Brasileiros dão adeus ao Chile em pleno Valle Nevado

'Tchau, tchau, tchau! Le, le, le!' vira o coro dos turistas na estação de esqui em alusão ao grito de guerra dos chilenos

Adriana Moreira, O Estado de S.Paulo

29 de junho de 2010 | 00h00

VALLE NEVADO

As torcidas chegam aos poucos, empunhando bandeiras, vestindo as camisas de seus jogadores favoritos. Mas, em vez de subir para a arquibancada, a galera se acomoda em sofás, cadeiras, pelo carpete. Brasil e Chile se enfrentam em Johannesburgo, pelas oitavas de final da Copa, enquanto os torcedores em questão se reúnem no bar do Hotel Valle Nevado, a 64 km de Santiago, capital chilena. Com o feriado nacional de São Pedro e São Paulo, ontem, a estação de esqui está lotada ? tanto de chilenos como de brasileiros.

Lado a lado, as duas torcidas fazem festa. "Os chilenos estão convencidos de que vão ganhar. Mas sabemos que não é verdade", diz a brasileira Juliana Niemeyer. No bar, as garçonetes pintam os rostos dos hóspedes com o azul, o branco e o vermelho da bandeira de seu país. "Estamos muito contentes com esse time. Podemos vencer o Brasil", diz o chileno Javier Baeza, de 40 anos. Seu amigo Marcelo Borlando, no entanto, não demonstra o mesmo otimismo. "É o Brasil em campo. Temos um bom time, mas não vamos conseguir. Só mesmo por um milagre."

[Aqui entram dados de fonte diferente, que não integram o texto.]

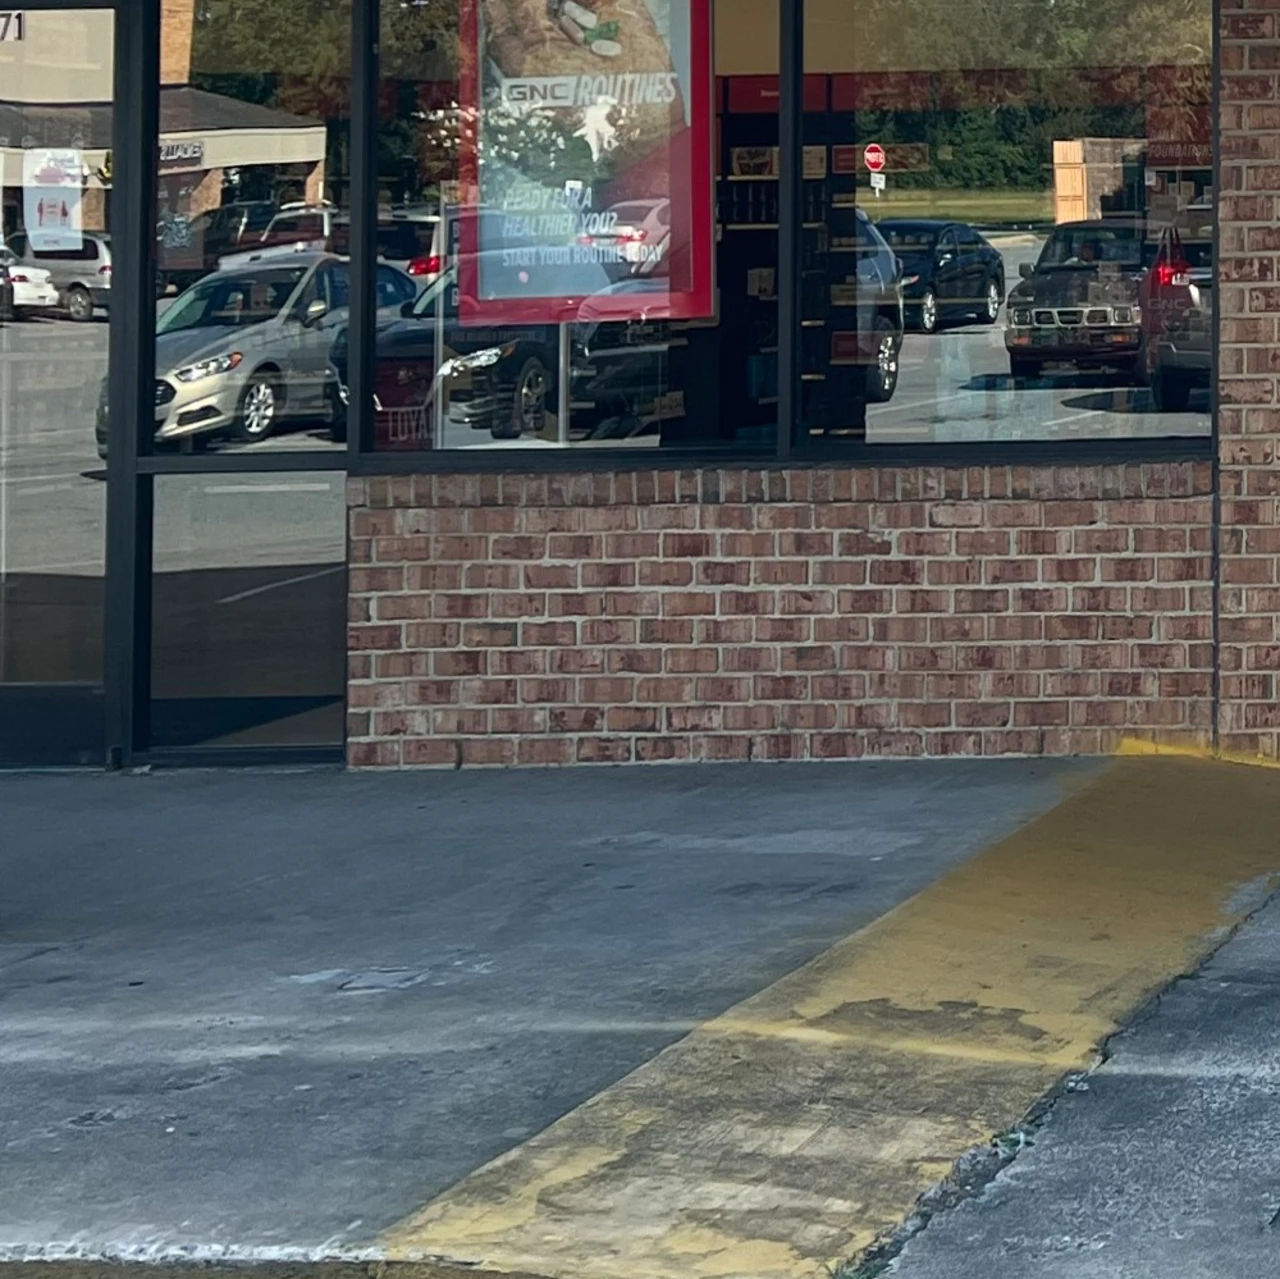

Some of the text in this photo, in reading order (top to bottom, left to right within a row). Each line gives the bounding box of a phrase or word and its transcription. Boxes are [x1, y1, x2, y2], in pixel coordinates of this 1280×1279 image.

Gritos de "Chi, chi, chi! Le, le, le! Viva Chile!" se misturam ao "Eu sou brasileiro, com muito orgulho, com muito amor...". O jogo começa acirrado. Os chilenos aplaudem, vibram a cada vez em que a equipe de Bielsa chega com perigo à área de Julio Cesar.

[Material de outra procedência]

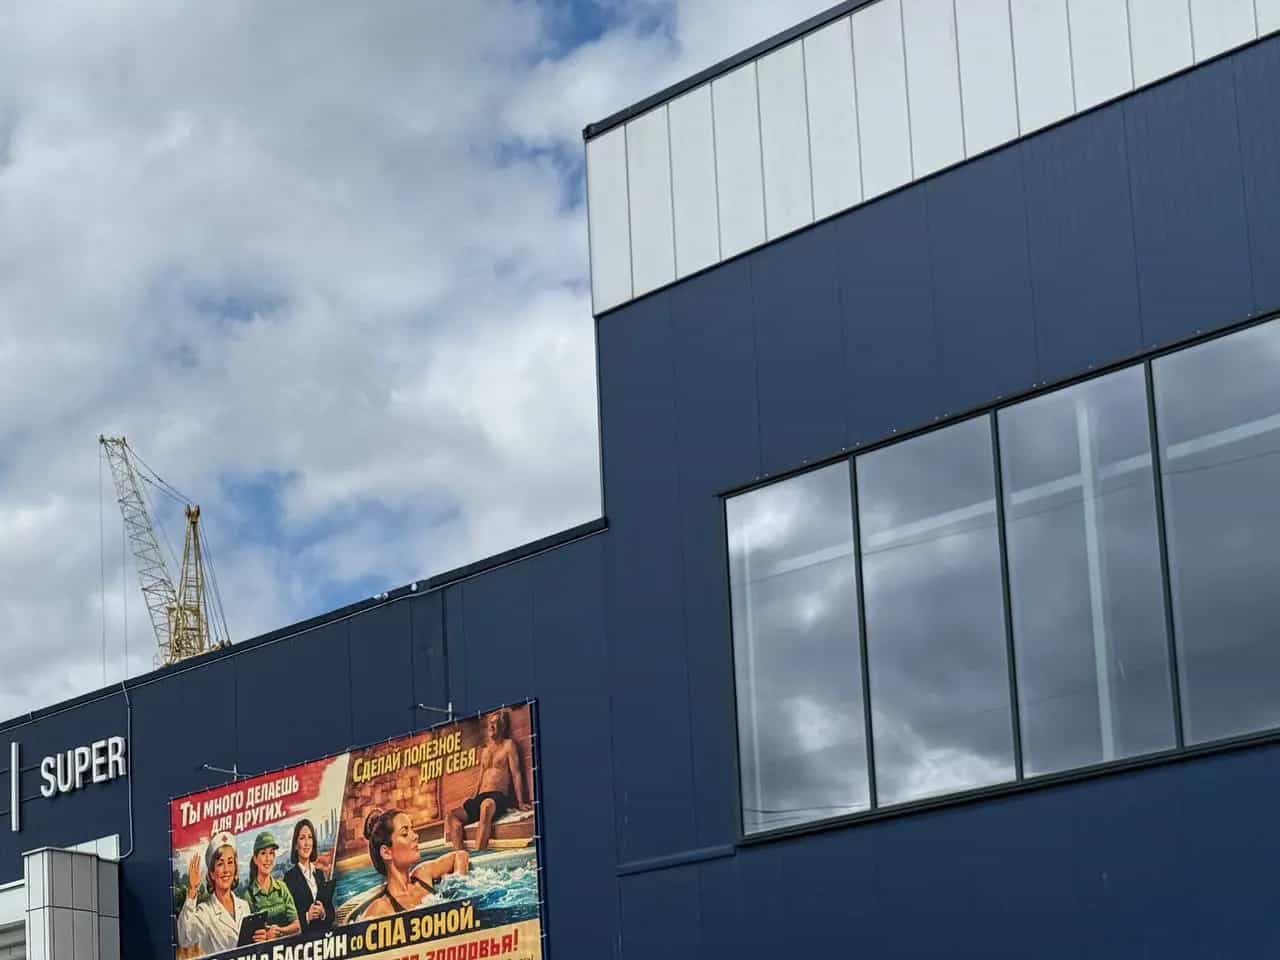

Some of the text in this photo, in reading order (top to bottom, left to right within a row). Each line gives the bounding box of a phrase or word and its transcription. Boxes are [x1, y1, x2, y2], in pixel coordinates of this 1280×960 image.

[40, 736, 128, 798] SUPER
[365, 914, 407, 951] СПА
[410, 900, 481, 942] ЗОНОЙ.
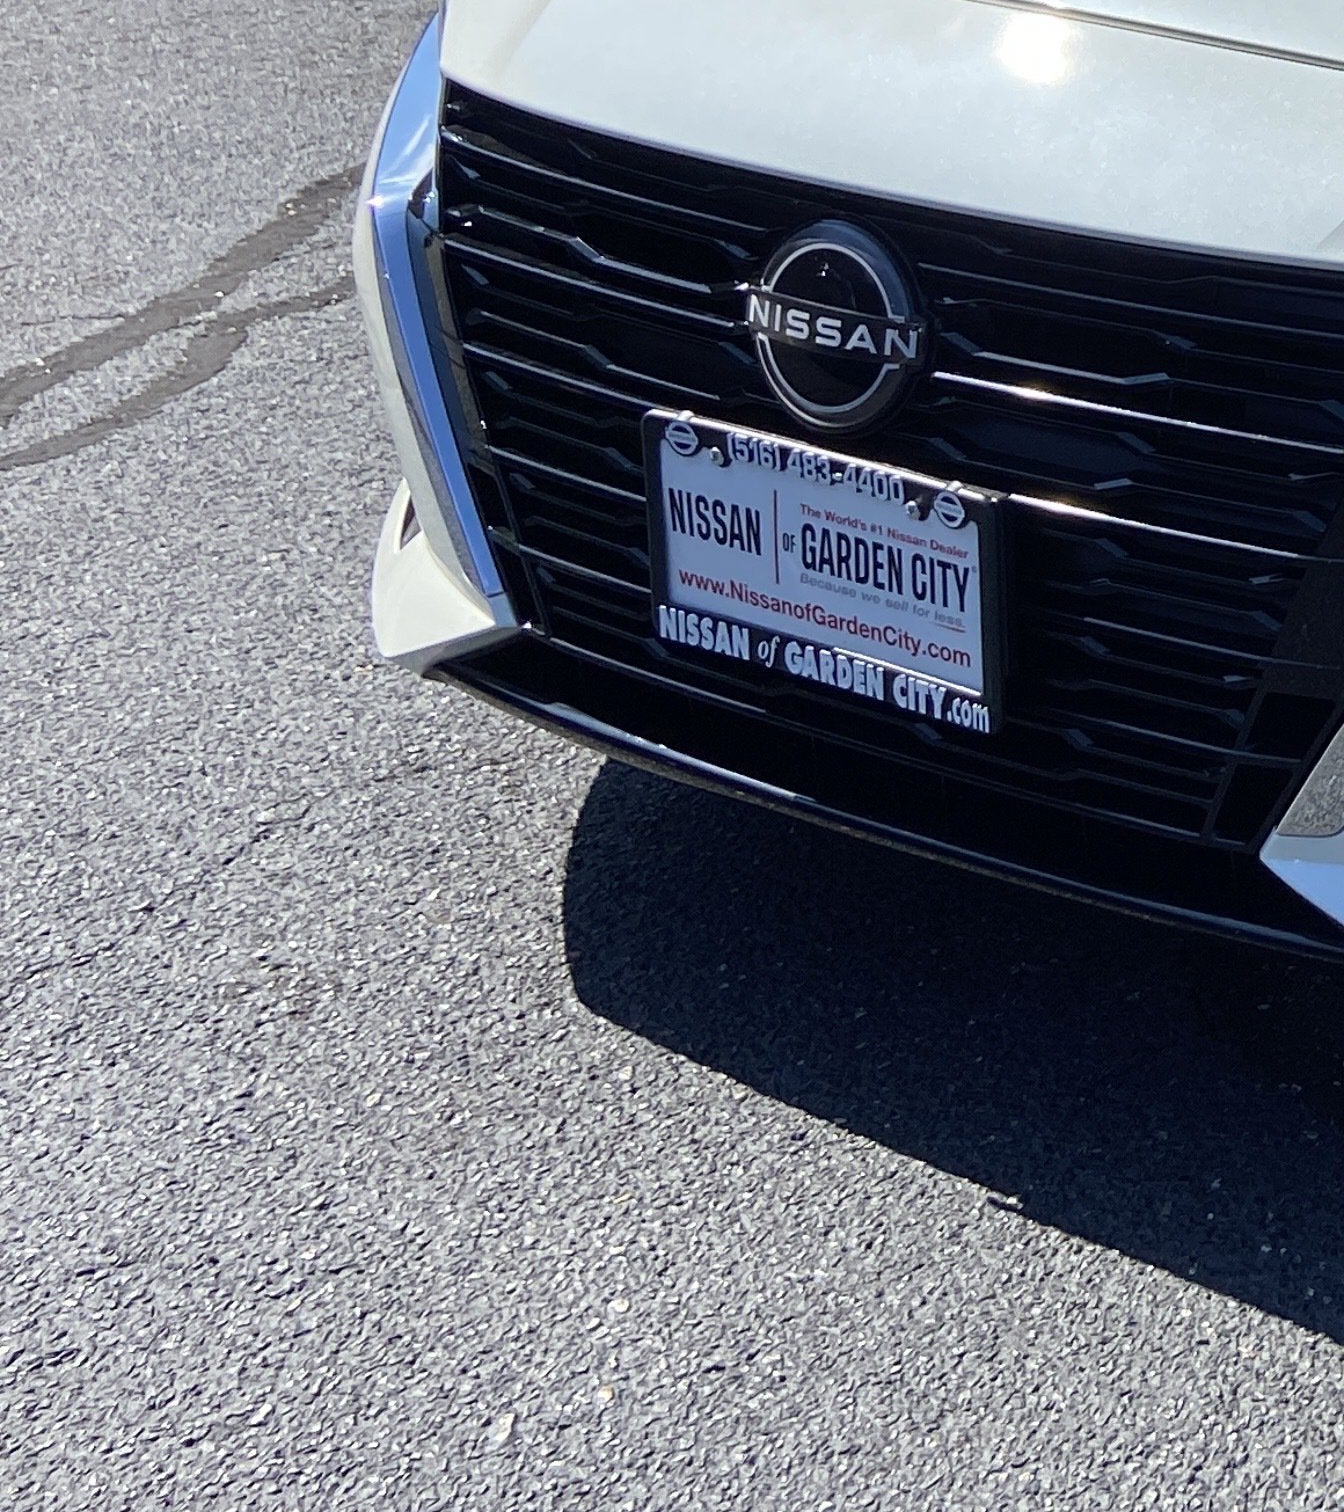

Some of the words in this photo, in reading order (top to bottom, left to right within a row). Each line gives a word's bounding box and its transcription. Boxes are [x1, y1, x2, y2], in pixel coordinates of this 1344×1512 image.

[749, 294, 918, 358] NISSAN
[727, 432, 781, 473] (516)
[787, 448, 906, 506] 483-4400
[668, 488, 761, 556] NISSAN
[782, 532, 796, 553] OF
[801, 523, 903, 595] GARDEN
[911, 553, 970, 612] CITY
[800, 503, 821, 520] The
[825, 510, 867, 531] World's
[870, 521, 883, 536] #1
[887, 528, 928, 547] Nissan
[930, 539, 969, 559] Dealer
[679, 569, 972, 667] www.NissanofGardenCity.com
[800, 573, 857, 598] Because
[861, 591, 880, 605] we
[885, 597, 909, 613] sell
[912, 604, 930, 619] for
[658, 605, 750, 663] NISSAN
[757, 634, 780, 668] of
[784, 641, 884, 701] GARDEN

Mas a alegria dos chilenos desaparece conforme o Brasil faz gols. A menina de unhas pintadas com a bandeira chilena tira o esmalte com os dentes. Os brasileiros provocam: "Tchau, tchau, tchau! Le, le, le, le", em alusão ao grito de guerra rival. O jogo acaba, assim como o sonho chileno.